To make matters worse, Ryan Fitzpatrick looked the part of a solid second option at quarterback for the Bills. The former Bengals' second stringer, Fitzpatrick was patient and poised, leading his team like the eight game starter he was the prior season, when injury thrust Ryan into the role. TO was right that Fitzpatrick was the right man for the job—in Buffalo—and certainly was the right man for the Bengals as well.
With Nungent's 54-yard strike which split the uprights—and then some—the kickers exploded back onto the scene and comforted many fans in Ohio (after all, even Ohio State followers were wondering what was happening with their former star kicker). Rayner connected from 32-yards later in the game but Nungent was continually impressive, effecting a touchback with a perfect kick off.
Ced was his typical self, carrying the ball eight times for 50 yards, including one for 20 yards alone, to average 6.3 yards per carry. Ever the player the Bengals' backfield needs and wants, Ced will be expected to continue balancing the offesnive attack.

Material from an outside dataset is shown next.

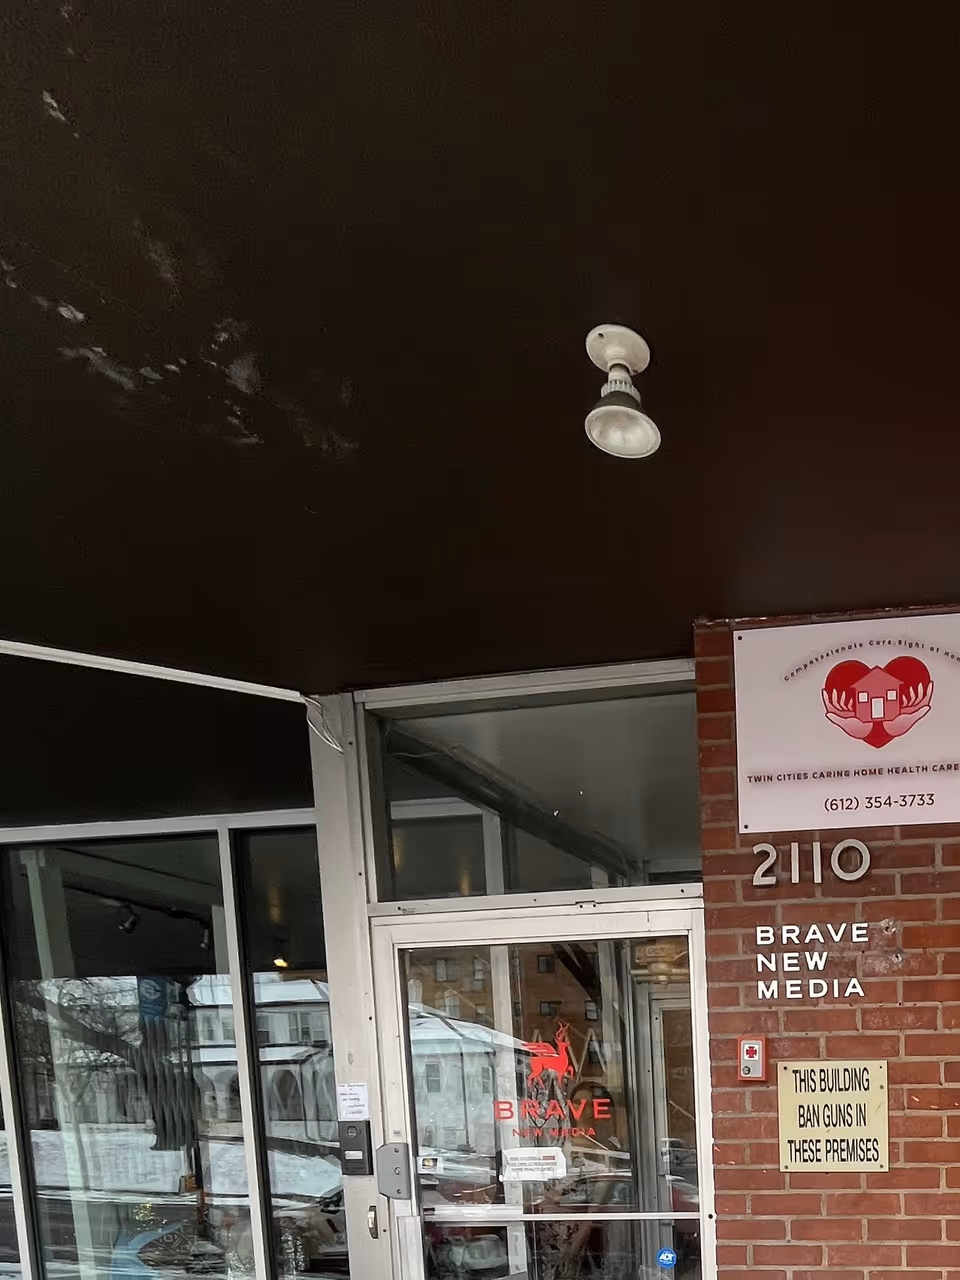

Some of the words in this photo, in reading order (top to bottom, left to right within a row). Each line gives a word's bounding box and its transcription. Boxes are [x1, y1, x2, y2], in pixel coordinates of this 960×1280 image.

First, at 8:22 left in the third quarter Brandon Ghee collided with Chad Simpson of the Bills in what was an unintentional helmet-to-helmet hit. Ghee looked like he had hit a brick wall as he went quite literally straight down face-first into the turf. For five anxious minutes, punctuated by a frantic Michael Johnson calling for medical help from the Bengals' sideline followed by the Bengals' team huddled in prayer, the field became a silent tomb of worry and angst. In the end, the ambulance was flagged away and Ghee was able to take the few steps to the cart and be wheeled off sitting in the back with Bengals' medical staff.
Almost seven game minutes later, Adam Jones went helmut first into Bills' wide receiver Donald Jones' back, snapping his neck back and having Adam holding his helmut facing down for a few moments. The player formerly known as 'Pacman,' quickly tried to recover but ended up popping to his feet, wobbling sideways, and then being escorted off by Bengals' medical staff.
Both players have shown tremendous promise, especially Jones with his exciting special teams' game.
Geno Atkins continued to impress as he hauled in another sack. The defense is certainly looking deep even though the game was a less than stellar defensive effort. With injuries currently holding back the Bengals defensive core (some what) for this game, those that did play displayed the talent needed when a full corp returns to the field.
Michael Johnson brought down Trent Edwards with the first team, sacking the Bills' starting quarterback at 10:57 to go in the first quarter. This defensive end to linebacker convert continues to impress with his fleet of feet to remain one of the renewed players making up the defensive core of the Bengals.